* [WHAT YOU ARE ASKED TO DO]:
Below are records to reproduce in full; copy them exactly but keep the pictures out.

START LISTED ENTRIES

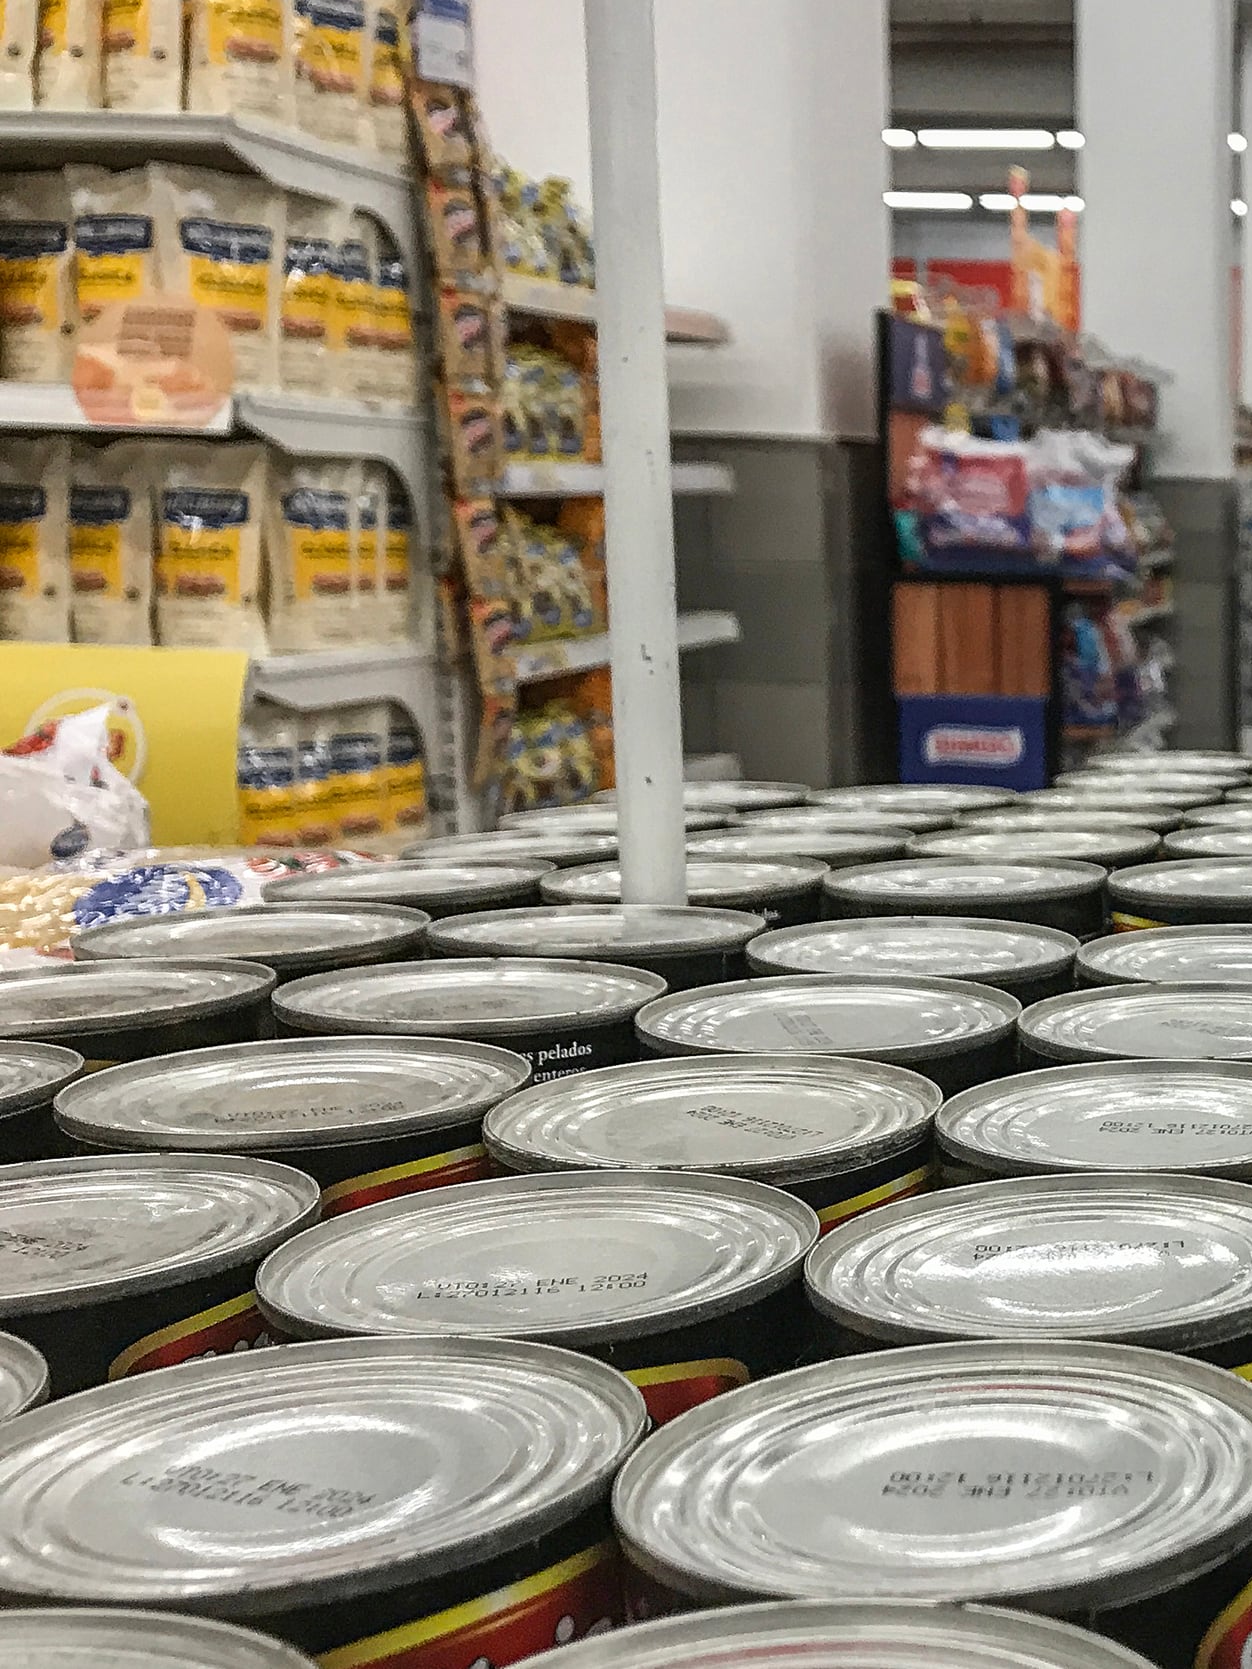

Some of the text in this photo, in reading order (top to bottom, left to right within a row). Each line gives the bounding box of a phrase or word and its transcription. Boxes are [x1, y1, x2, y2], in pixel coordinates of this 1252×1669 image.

[538, 1041, 593, 1066] pelados
[536, 1276, 580, 1287] ENE
[594, 1272, 648, 1283] 2024
[417, 1280, 647, 1299] L:27012116 12:00
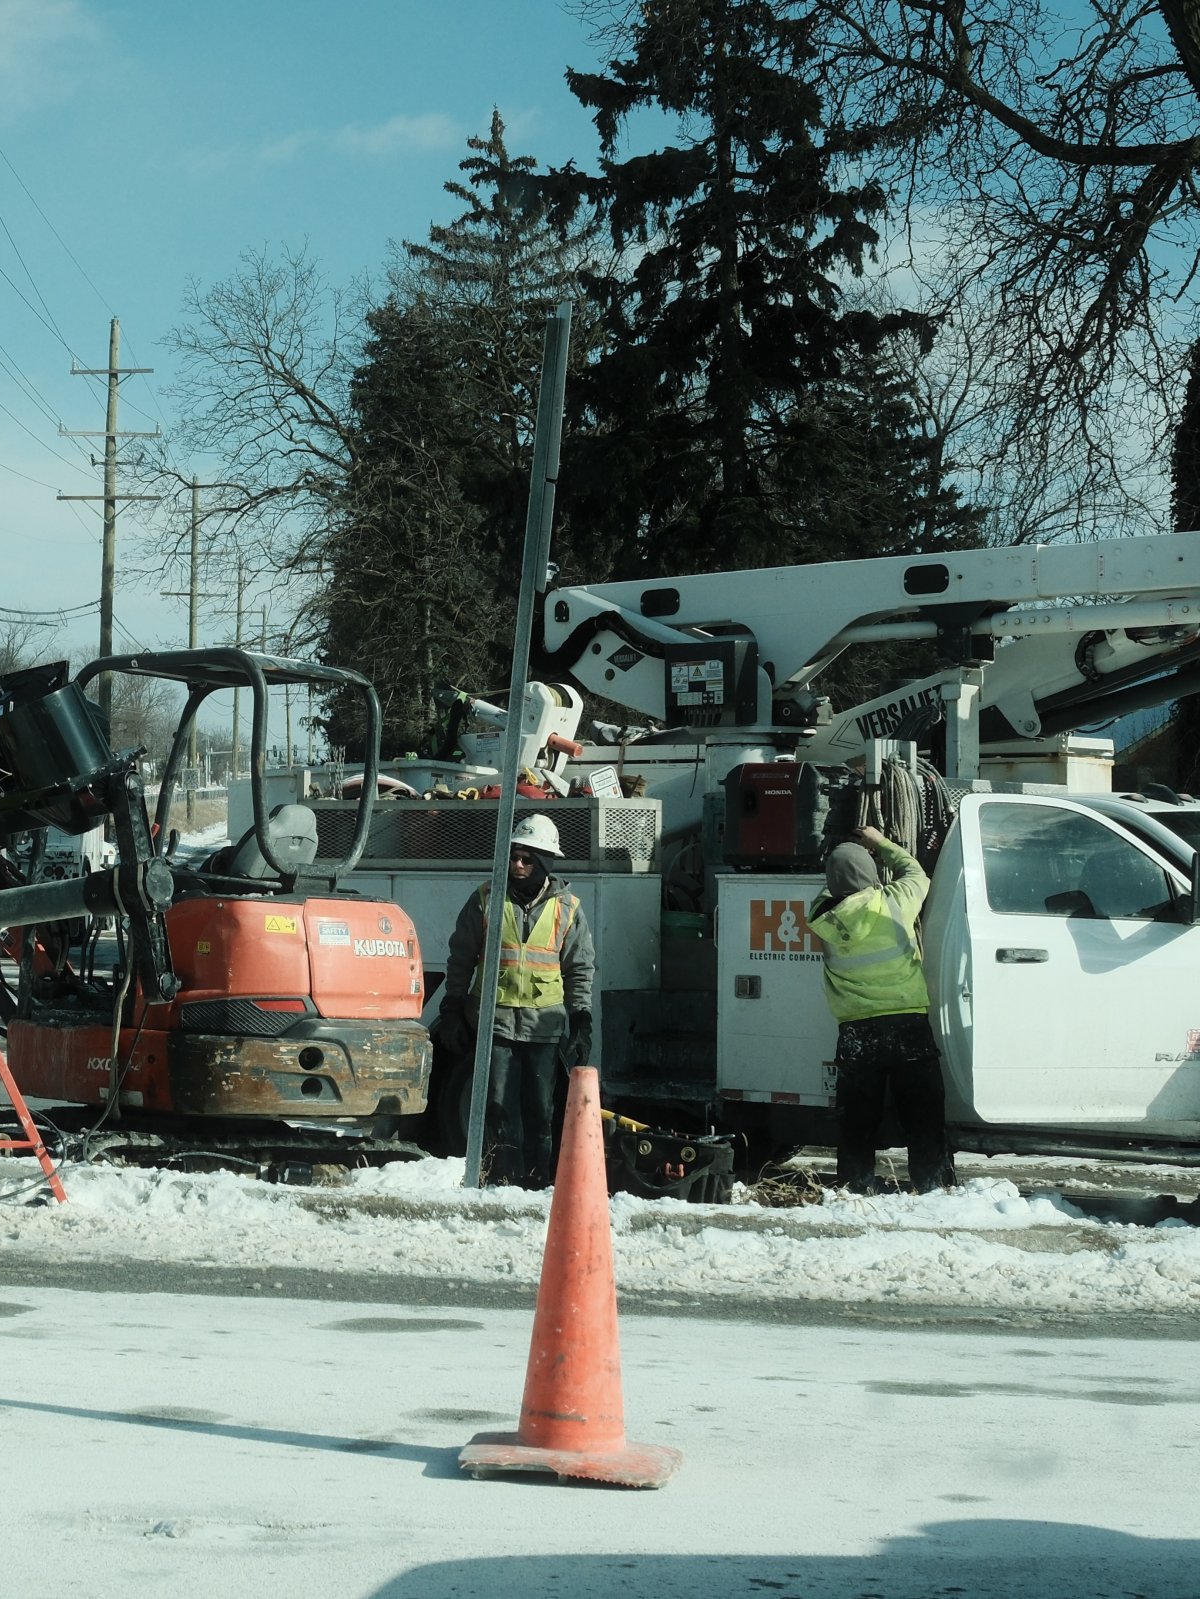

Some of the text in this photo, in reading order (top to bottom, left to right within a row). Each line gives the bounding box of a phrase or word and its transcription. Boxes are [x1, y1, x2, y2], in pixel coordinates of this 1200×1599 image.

[321, 926, 347, 935] SAFETY
[354, 939, 407, 957] KUBOTA
[749, 952, 826, 962] ELECTRIC COMPANY
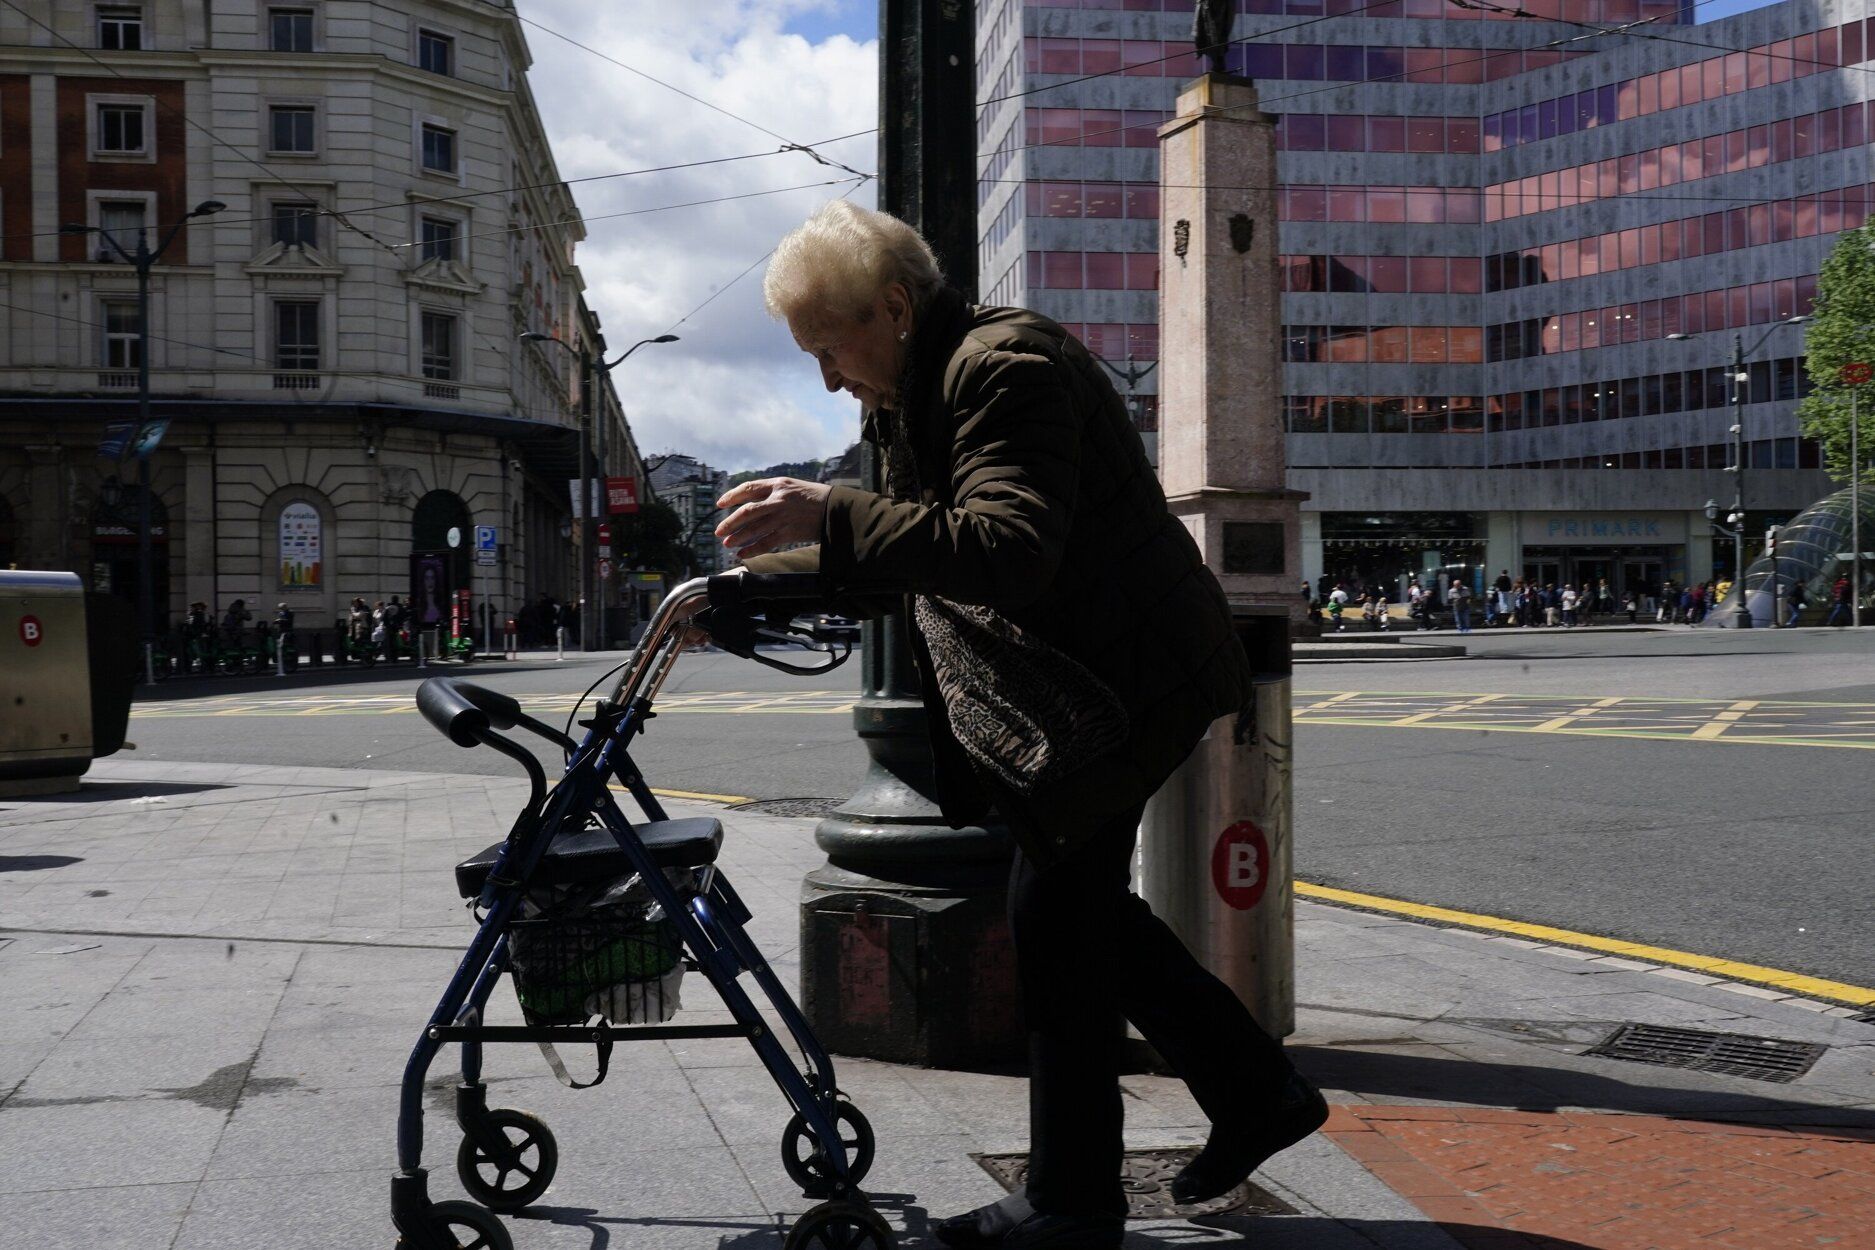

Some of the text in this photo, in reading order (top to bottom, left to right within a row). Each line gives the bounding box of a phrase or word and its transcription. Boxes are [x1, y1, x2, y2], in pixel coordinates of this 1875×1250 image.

[1547, 518, 1661, 537] PRIMARK
[480, 528, 492, 549] P
[24, 622, 39, 640] B
[1228, 842, 1260, 888] B

END LISTED ENTRIES

* [OUTPUT OF THE TASK]:
Some of the text in this photo, in reading order (top to bottom, left to right within a row). Each line gives the bounding box of a phrase or word and its transcription. Boxes are [x1, y1, x2, y2], in pixel coordinates of this 1252×1669 image.

[538, 1041, 593, 1066] pelados
[536, 1276, 580, 1287] ENE
[594, 1272, 648, 1283] 2024
[417, 1280, 647, 1299] L:27012116 12:00

Some of the text in this photo, in reading order (top to bottom, left to right within a row). Each line gives the bounding box of a phrase or word and its transcription. Boxes are [x1, y1, x2, y2], in pixel coordinates of this 1200×1599 image.

[321, 926, 347, 935] SAFETY
[354, 939, 407, 957] KUBOTA
[749, 952, 826, 962] ELECTRIC COMPANY

Some of the text in this photo, in reading order (top to bottom, left to right within a row). Each line gives the bounding box of a phrase or word and its transcription. Boxes are [x1, y1, x2, y2], in pixel coordinates of this 1875×1250 image.

[1547, 518, 1661, 537] PRIMARK
[480, 528, 492, 549] P
[24, 622, 39, 640] B
[1228, 842, 1260, 888] B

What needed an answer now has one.